To go back to the issue of Marianne ‘imagining’ Héloïse at the concert, this obviously relates to the film’s use of the Orpheus myth. Marianne argued that Orpheus’ backward look represents the poet’s choice rather than the lover’s: he chooses the memory, the ‘constructed version’, of Eurydice rather than the real thing. But Héloïse makes the most striking contribution to that debate when she comments, ‘Perhaps it was Eurydice who said, “Turn around”.’ This is a kind of riposte to Marianne’s reading, but also a way of building on it. I think her point is that the poet’s and the lover’s choice are not mutually exclusive. If Eurydice herself – the real person, not the memory – told Orpheus to turn around and therefore lose her, that makes the choice a mutual one, an agreement to treasure the memories, songs, paintings, or whatever, rather than continue the flesh-and-blood relationship.

Héloïse is laying the ground for her own farewell to Marianne. They can’t have the flesh-and-blood relationship beyond these few days, but that doesn’t mean that what they have afterwards isn’t real. Earlier, Marianne argued against trying to portray a person’s ‘presence’ in a painting on the basis that this presence is made up of fleeting impressions, but Héloïse responds that not all impressions are fleeting – some feelings are profound and lasting, like those embodied in the art (and the memories) these two create and experience together.

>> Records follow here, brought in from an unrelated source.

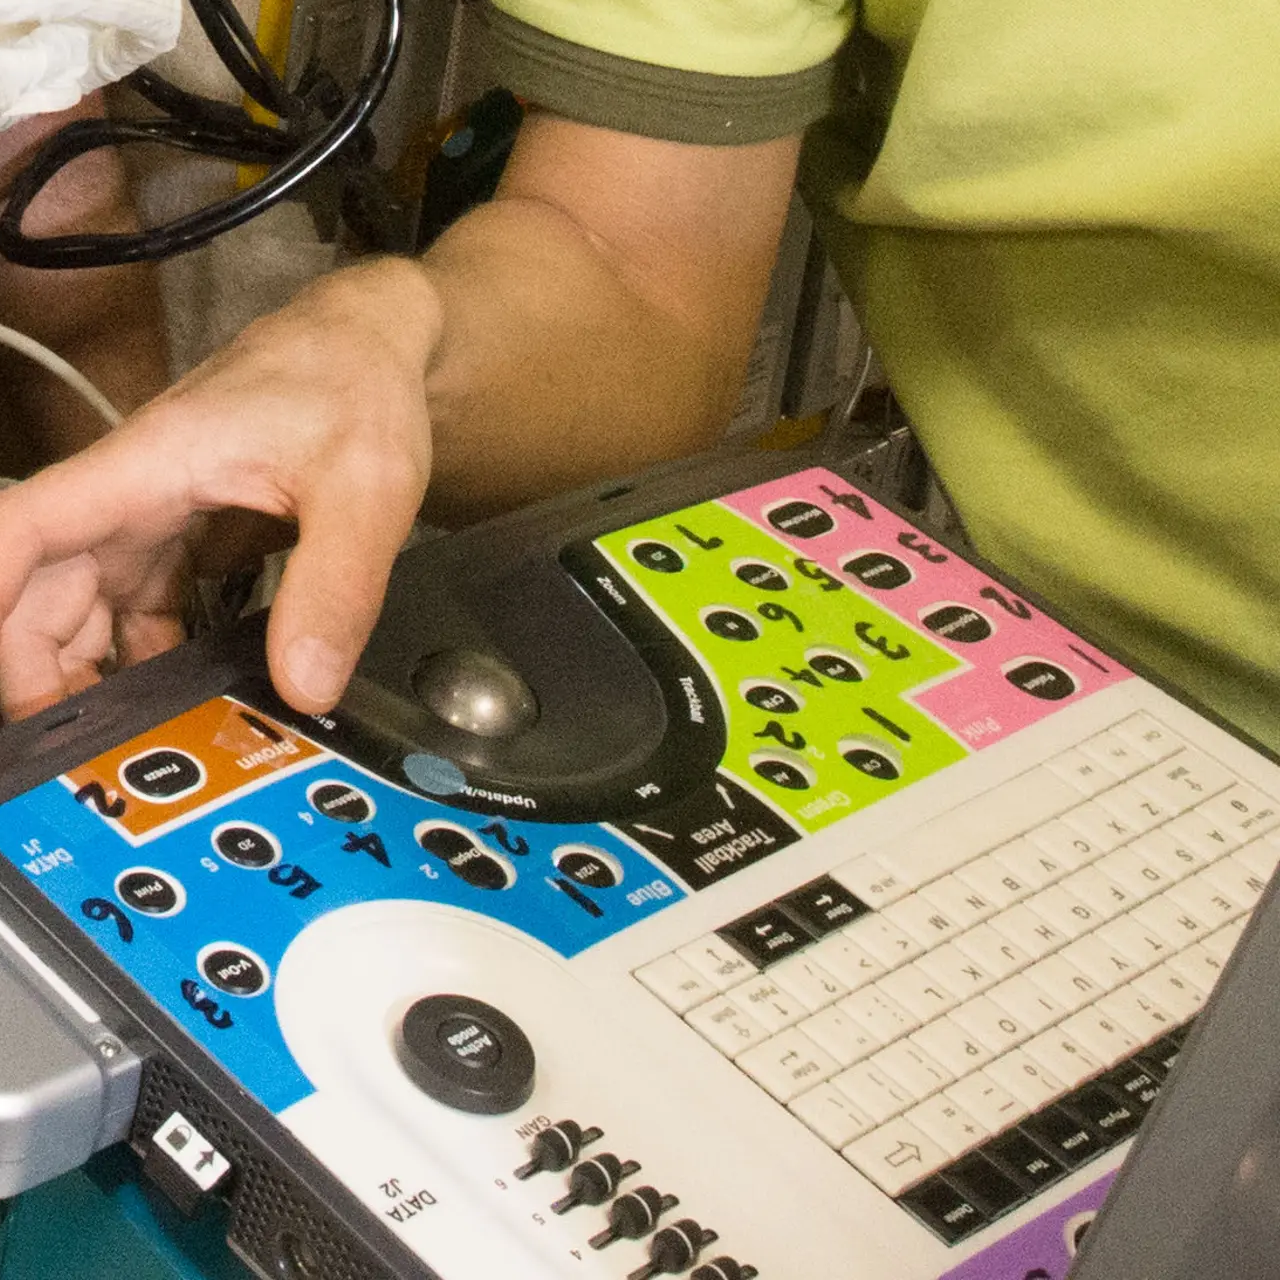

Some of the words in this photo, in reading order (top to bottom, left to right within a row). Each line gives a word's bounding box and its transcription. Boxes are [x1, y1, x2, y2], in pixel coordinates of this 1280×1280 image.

[818, 484, 874, 521] 4
[897, 532, 948, 565] 3
[793, 558, 845, 592] 5
[596, 575, 627, 606] Zoom
[757, 602, 804, 633] 6
[854, 621, 912, 661] 3
[780, 666, 824, 689] 4
[678, 676, 705, 724] Trackball
[753, 721, 807, 751] 2
[961, 716, 1001, 740] Pink
[235, 739, 299, 771] Brown
[143, 762, 180, 782] Freeze
[74, 782, 126, 819] 2
[798, 790, 852, 819] Green
[477, 823, 530, 857] 2
[690, 818, 736, 844] Area
[20, 838, 41, 856] J1
[341, 831, 392, 868] 4
[694, 826, 776, 874] Trackball
[1072, 839, 1091, 853] C
[1175, 849, 1194, 862] S
[21, 845, 74, 876] DATA
[1141, 867, 1160, 880] D
[133, 881, 164, 898] Print
[267, 863, 323, 900] 5
[626, 880, 672, 906] Blue
[1001, 877, 1021, 891] B
[81, 897, 133, 944] 6
[1071, 905, 1091, 919] G
[217, 959, 252, 981] V-Out
[961, 965, 983, 980] K
[1072, 976, 1092, 992] U
[180, 979, 234, 1030] 3
[447, 1024, 480, 1046] mode
[456, 1033, 493, 1057] Active
[514, 1113, 552, 1140] GAIN
[378, 1176, 401, 1199] J2
[384, 1189, 439, 1224] DATA
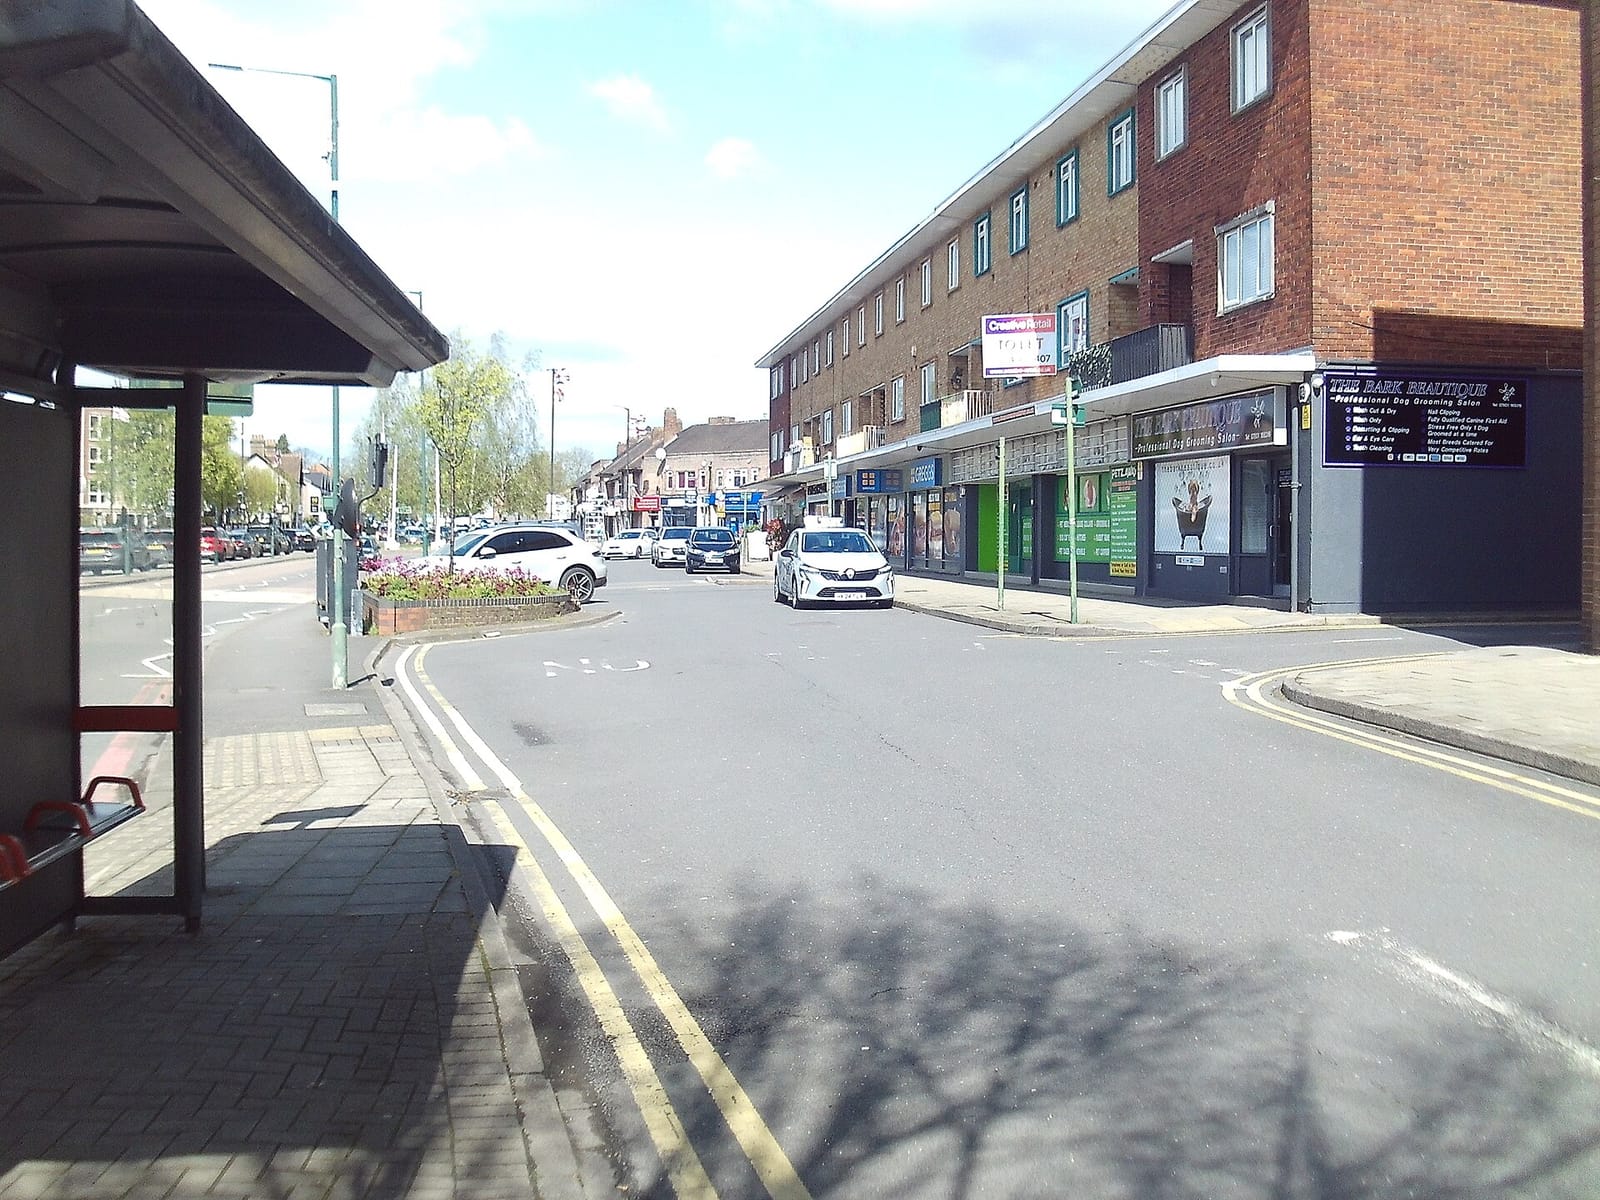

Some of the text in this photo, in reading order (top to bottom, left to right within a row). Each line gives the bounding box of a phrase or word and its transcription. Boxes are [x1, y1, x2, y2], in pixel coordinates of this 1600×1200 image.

[1027, 319, 1052, 329] Retail
[1329, 379, 1488, 399] THE BARK BEAUTIQUE
[1393, 398, 1410, 406] Dog
[1413, 398, 1453, 407] Grooming
[1457, 399, 1481, 407] Salon
[1172, 438, 1184, 450] Dog
[1186, 434, 1216, 447] Grooming
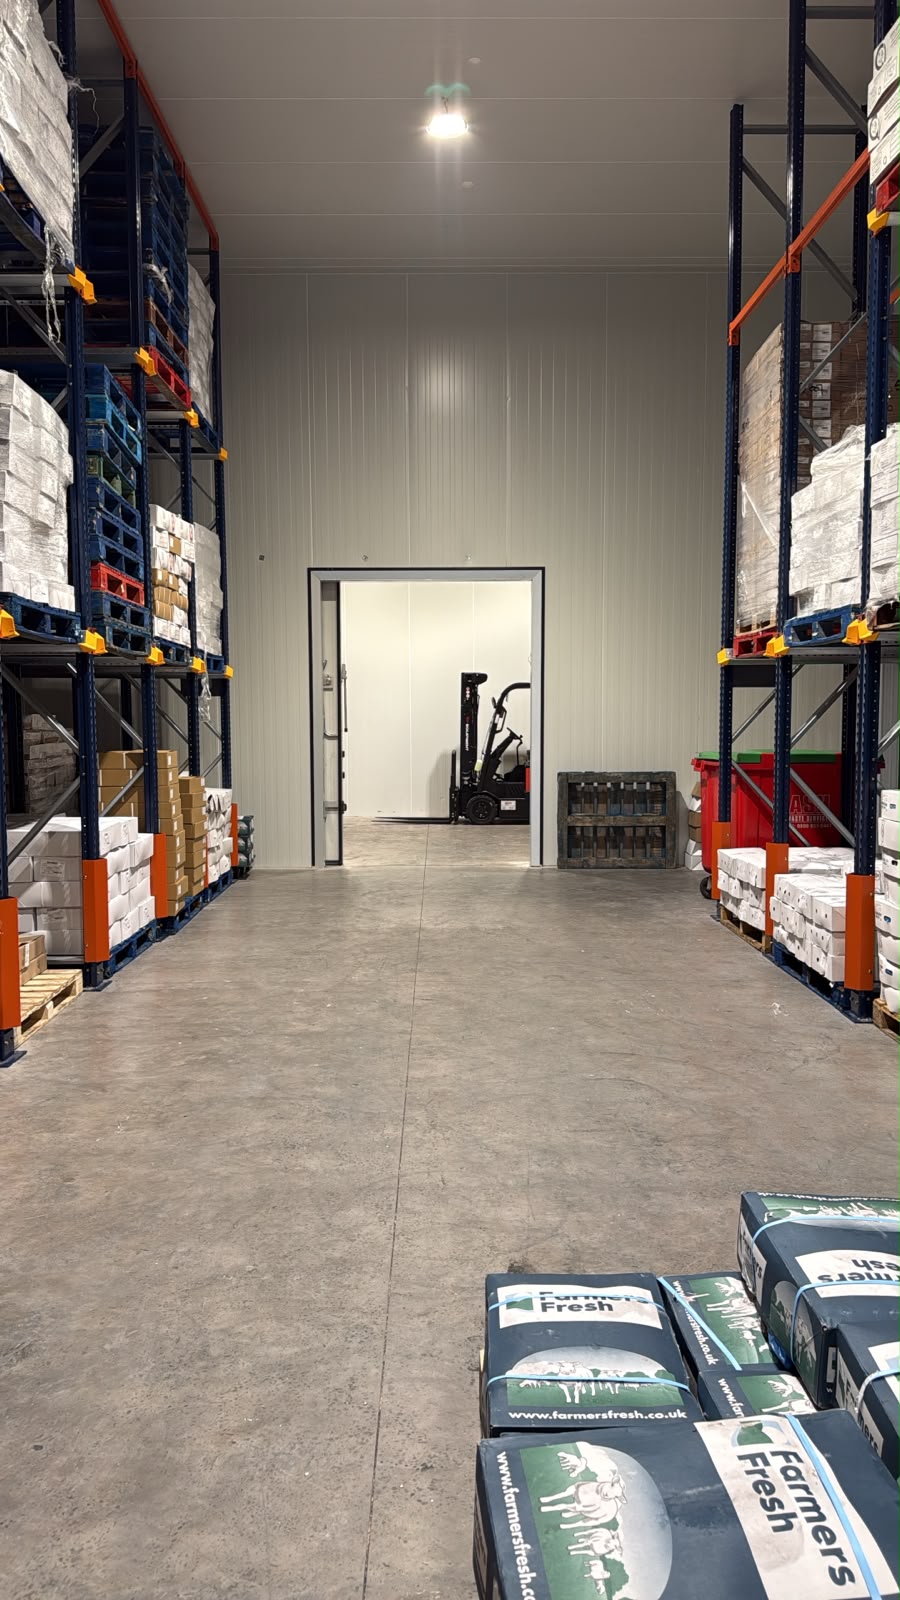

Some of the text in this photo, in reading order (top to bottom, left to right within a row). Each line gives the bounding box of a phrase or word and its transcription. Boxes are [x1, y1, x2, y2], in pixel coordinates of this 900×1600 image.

[540, 1301, 614, 1313] Fresh
[508, 1408, 688, 1421] www.farmersfresh.co.uk
[717, 1378, 745, 1418] www.far
[736, 1452, 798, 1533] Fresh
[769, 1450, 856, 1587] Farmers
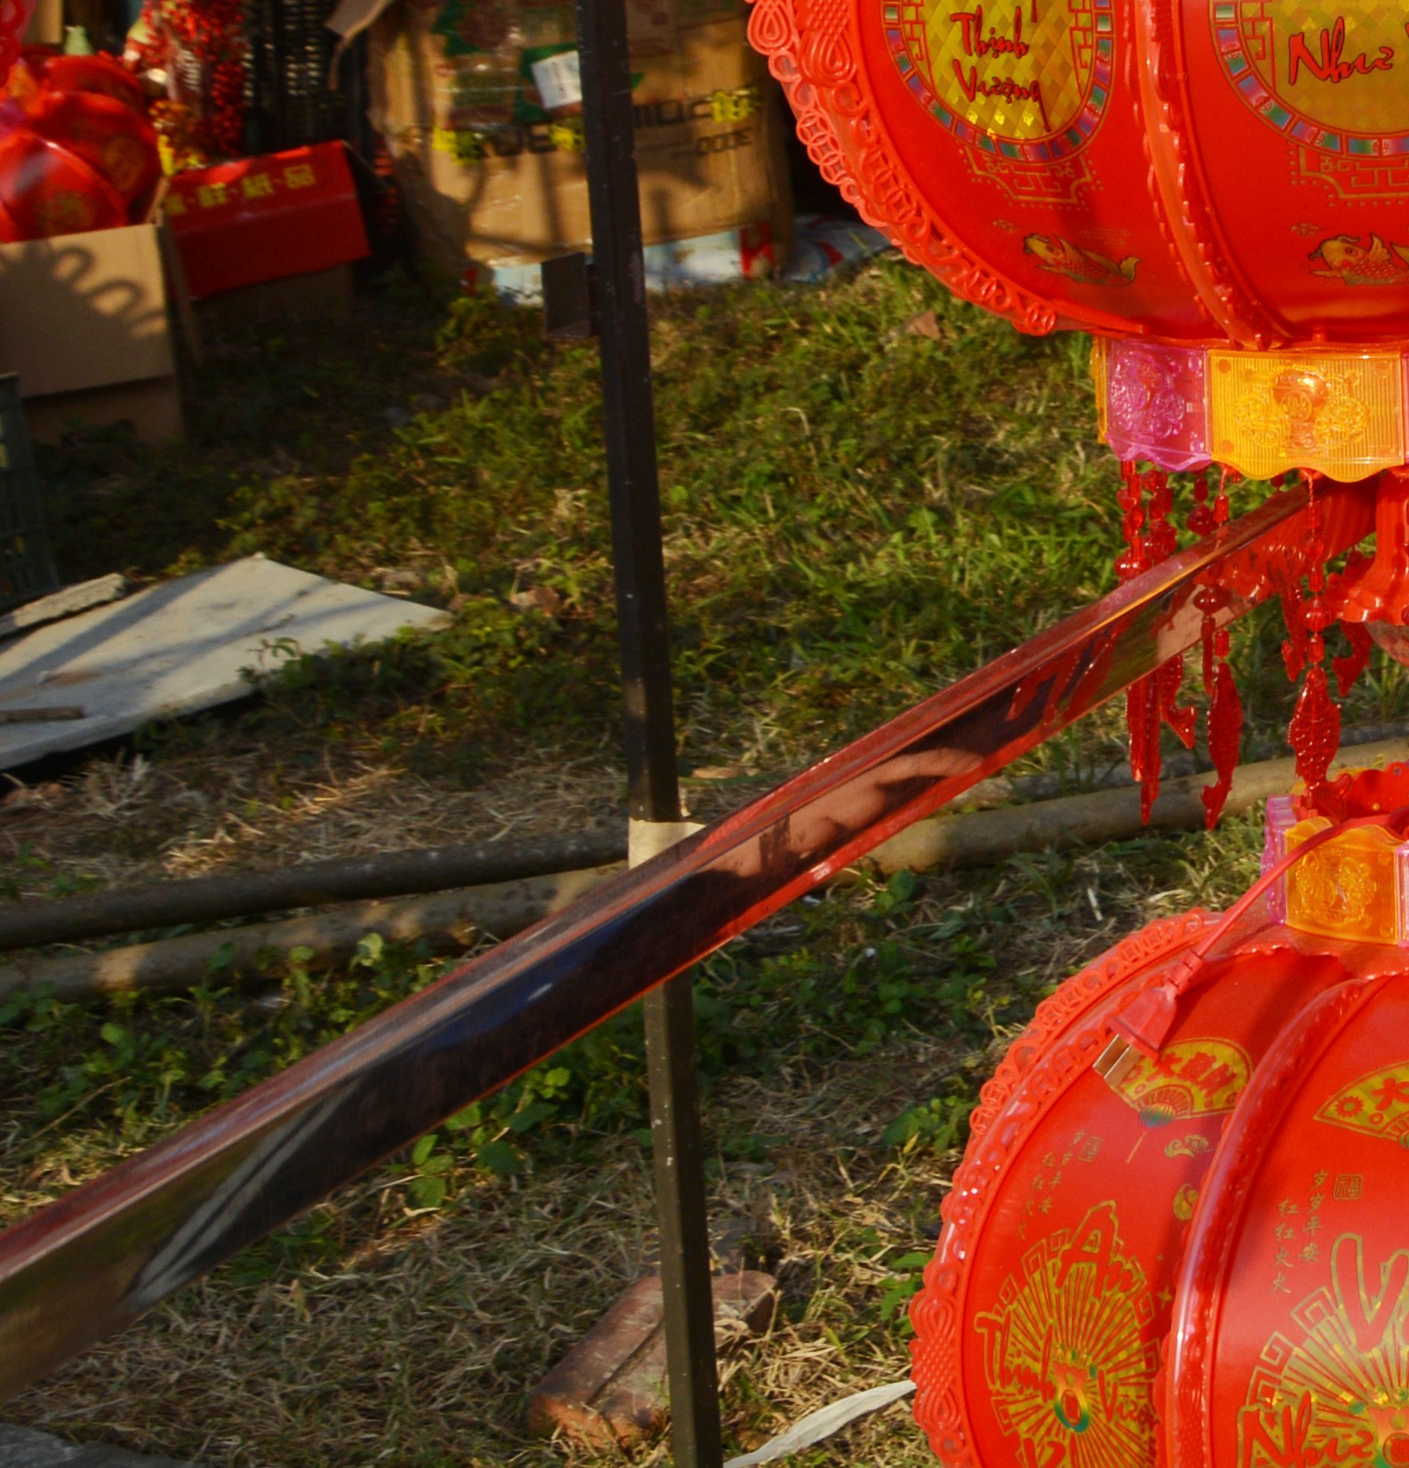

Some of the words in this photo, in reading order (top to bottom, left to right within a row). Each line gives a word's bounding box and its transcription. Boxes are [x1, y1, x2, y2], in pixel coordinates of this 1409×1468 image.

So when Héloïse listens to Vivaldi at the concert, she’s also listening to Marianne struggling to get the notes right on the harpsichord, and she’s experiencing the storm represented by Vivaldi, and the orchestra performing Vivaldi, and Marianne’s description of the piece, and so on. Marianne is ‘with’ Héloïse not only because she is looking at her, but because of those accumulated past experiences and the memories they created. Her current act of looking at Héloïse adds another layer to all these representations and mediations – but again, it’s no less real or intimate because it’s at a distance, or because Héloïse doesn’t know she is literally being looked at, or because they don’t literally meet after this. We see Marianne’s gaze only for a few seconds before we adopt her point of view, getting closer and closer to its object, and at this point we are sharing the emotional and bodily reactions of both women – it’s clear from all the love heaped on this film that many spectators are heaving and sobbing violently by the end… (Not me of course.) As Héloïse tells Marianne, ‘We are in the same place. Exactly the same place.’

One final random note about the Orpheus theme: Marianne draws her self-portrait on p. 28 of Ovid’s Metamorphoses, at the end of Book 10, which is the book dominated by Orpheus. Following his loss of Eurydice he loses interest in women and becomes the first Thracian man to sleep with other men instead of women. At the start of Book 11 the Thracian women tear him limb from limb for this rejection, and he ends up in the underworld, back with Eurydice and free to walk in front of or behind her, and to look back at her, as much as he wants. On the page where Marianne draws, you can read the end of Orpheus’ final song, describing the death of Adonis and his transformation into a blood-coloured flower that blooms only briefly before the winds destroy it. I don’t have anything else to say about this, but it all seems significant!